De acordo com levantamentos analisados, 77,5% dos pacientes interromperam seus tratamentos durante a pandemia, inclusive cuidados paliativos. Cerca de 48% dos médicos relataram também interrupção dessas terapias, e, mais: cerca de 73% dos oncologistas relataram atrasos de transplantes de células-tronco por conta da COVID-19.
Mais de 88,5% dos centros oncológicos disseram que a pandemia causou atrasos na realização de exames laboratoriais para diagnóstico do câncer e 83,6% apontaram demoras nos exames de imagem. Consequentemente, registrou-se também 77% de queda nos diagnósticos de câncer desde o começo da pandemia.
Mais de 95% de pacientes, médicos e centros especializados reportaram cancelamentos nas consultas de acompanhamento de pacientes, sendo que 42,5% dos médicos e pacientes apontaram que muitos simplesmente não apareceram nas suas consultas já marcadas.
A revisão sistemática também levantou os principais motivos pelo atraso ou interrupção dos tratamentos oncológicos. Para os pacientes, medo de se infectar com a COVID-19 foi a principal causa. Já, segundo os médicos, os atrasos foram provocados pelo risco de contrair COVID-19, falta de medicamentos, falta de equipes e falta de serviços de apoio.
Os estudos avaliados reportaram dados de pacientes com câncer de mama (18%), cabeça e pescoço (11%), urológico (10%), colorretal (6%), pele (6%), hematológico (5%), ginecológico (3%), pediátrico (3%) e pulmão (2%). Cerca de 48% dos estudos consideraram diferentes tipos de câncer.
Segundo explica a Dra. Rachel, essas análises são fundamentais para identificar de forma precisa o real impacto da pandemia nos cuidados relacionados ao câncer. A partir dessas informações, a OMS poderá tomar decisões referentes à mitigação dessas consequências de acordo com o seu impacto em cada país e para cada tipo de câncer.
“A produção científica durante a pandemia está sendo intensa e crescente, o que possibilitou uma gama muito grande de estudos que pudessem ser incluídos na revisão sistemática. No entanto, isso também exige que a revisão seja atualizada frequentemente”, explica a médica.

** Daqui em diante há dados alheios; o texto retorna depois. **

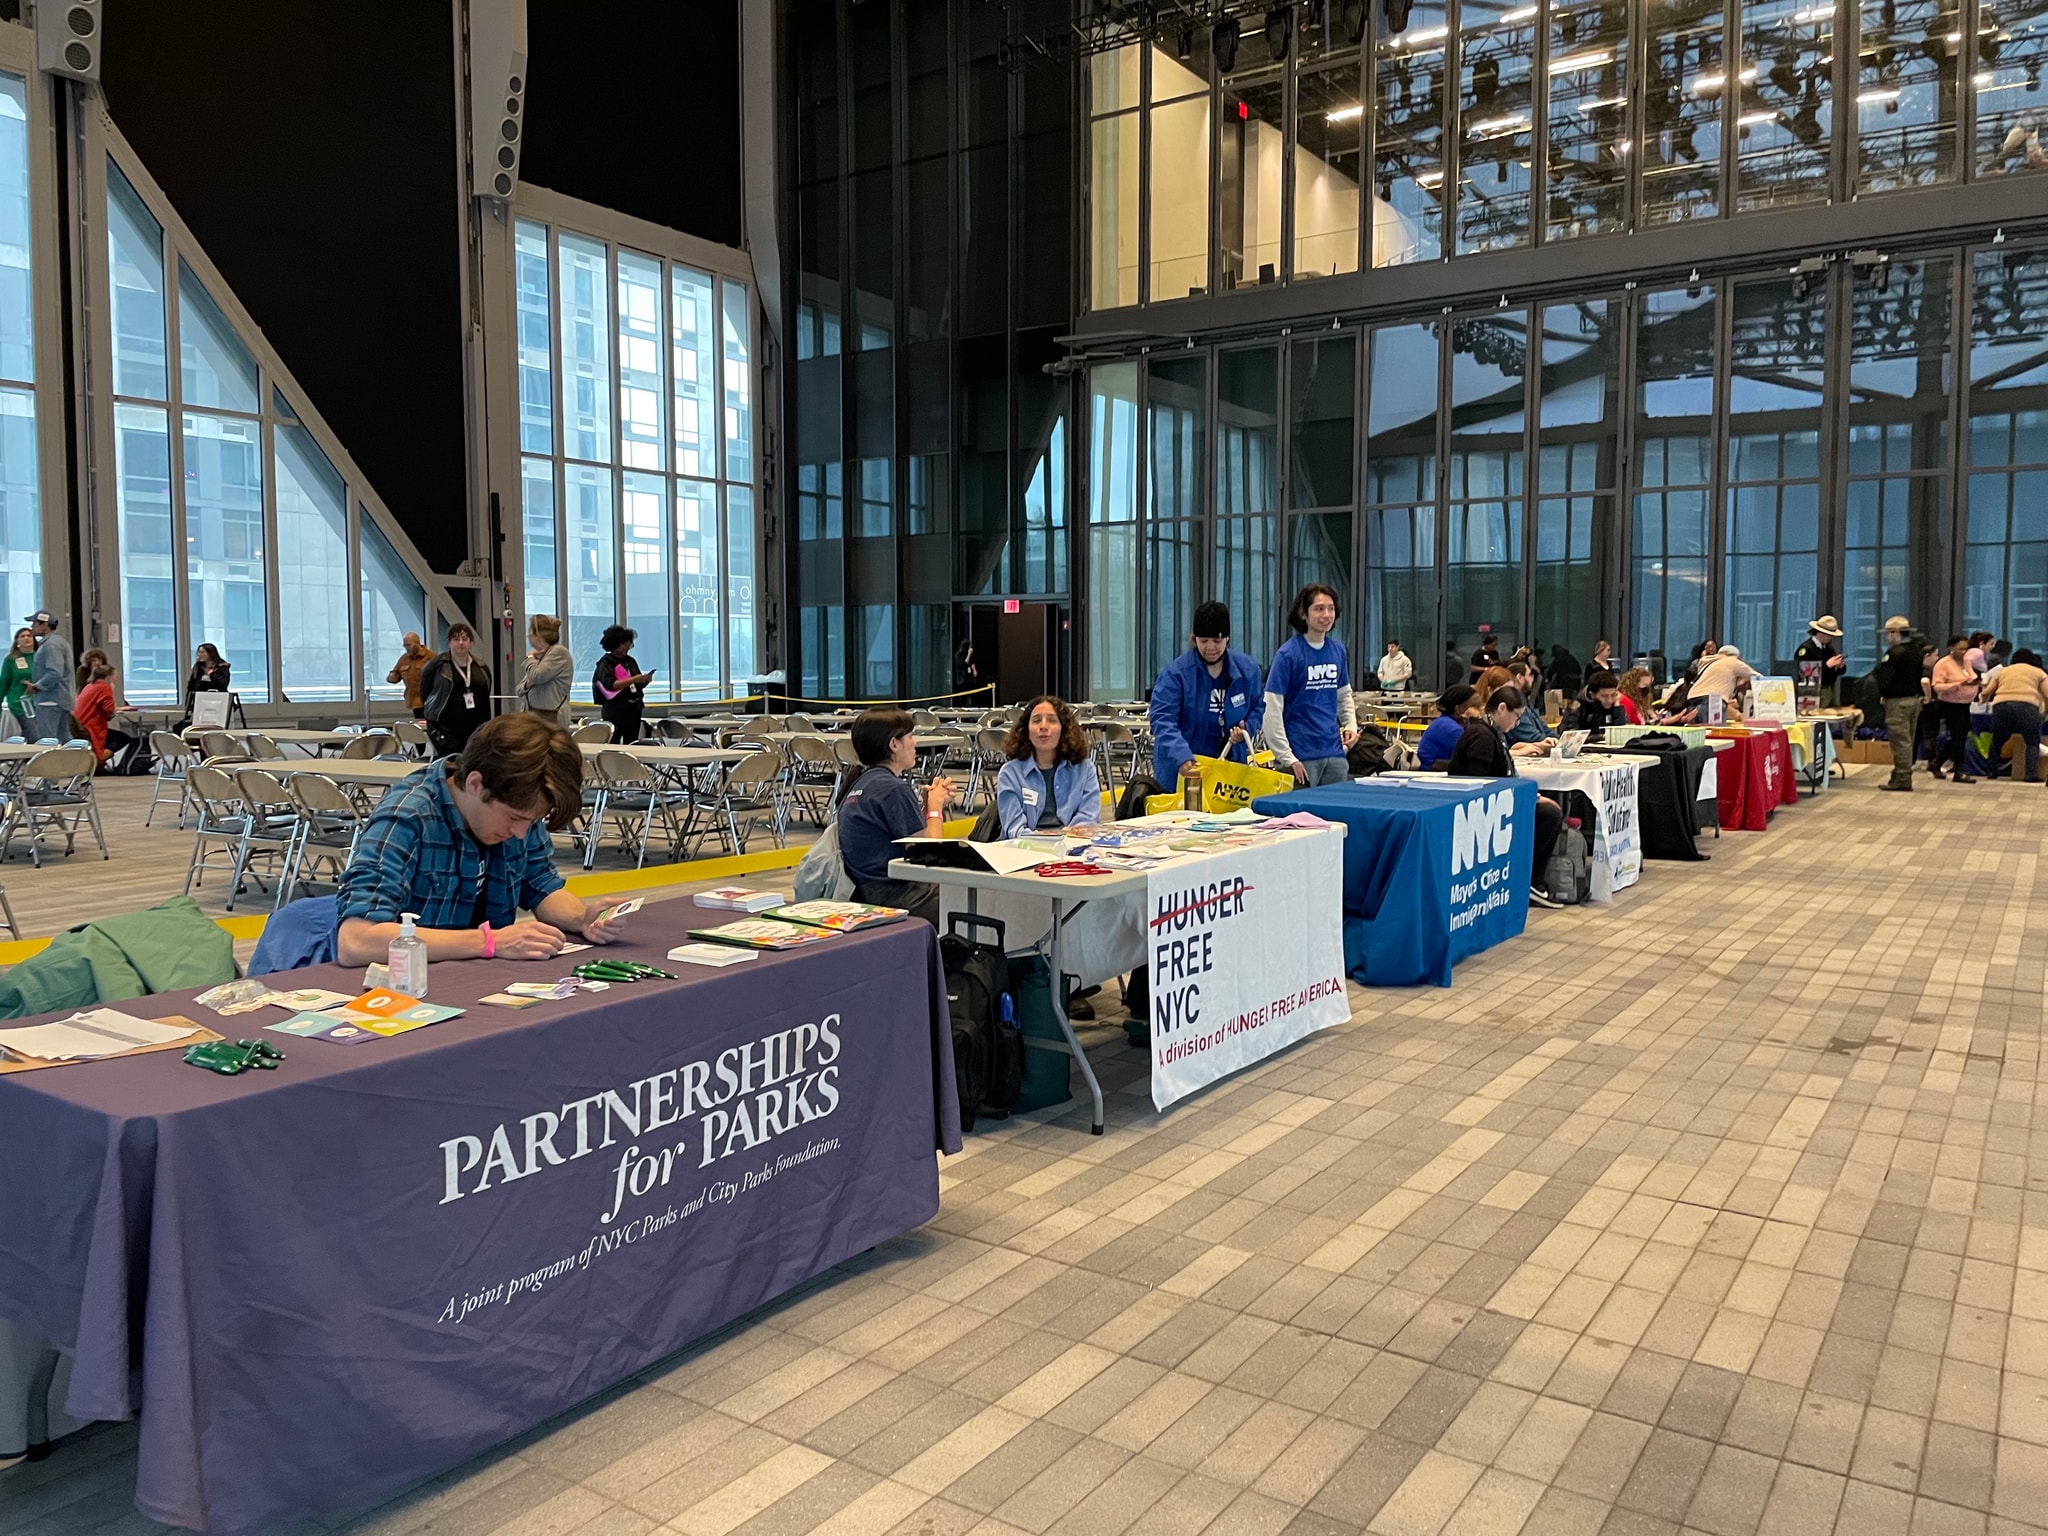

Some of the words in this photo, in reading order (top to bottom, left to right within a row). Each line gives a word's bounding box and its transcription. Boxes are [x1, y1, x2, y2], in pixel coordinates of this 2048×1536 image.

[1308, 664, 1338, 680] NYC
[1214, 781, 1250, 801] NYC
[1451, 788, 1514, 875] NYC
[1157, 876, 1245, 936] HUNGER
[1156, 932, 1213, 986] FREE
[1156, 984, 1200, 1037] NYC
[1166, 1035, 1213, 1064] division
[1214, 1028, 1226, 1046] of
[1271, 993, 1296, 1020] FREE
[438, 1013, 842, 1205] PARTNERSHIPS
[600, 1142, 685, 1223] for
[698, 1066, 840, 1169] PARKS
[437, 1297, 457, 1324] A
[456, 1281, 504, 1324] joint
[505, 1256, 576, 1302] program
[578, 1234, 599, 1269] of
[594, 1225, 639, 1257] NYC
[640, 1206, 678, 1238] Parks
[680, 1194, 706, 1219] and
[708, 1179, 739, 1206] City
[741, 1163, 774, 1194] Parks

Para o oncologista do Hospital Sírio-Libanês e consultor da OMS, Dr. Felipe Roitberg, o trabalho constitui o melhor nível de evidência possível para tomadas de decisão em saúde pública. “O principal objetivo agora é entender onde moram os elementos responsáveis pelos atrasos e disrupções no sistema de saúde mapeados pelo estudo publicado, mensurá-los – por meio de modelos preditivos, e apontar soluções que minimizem os consequentes atrasos no atendimento aos pacientes de doenças crônicas, entre elas, o câncer. Desta forma, os países poderão mensurar as vidas salvas ao retomar os cuidados dos pacientes e salvar vidas”, conclui o especialista.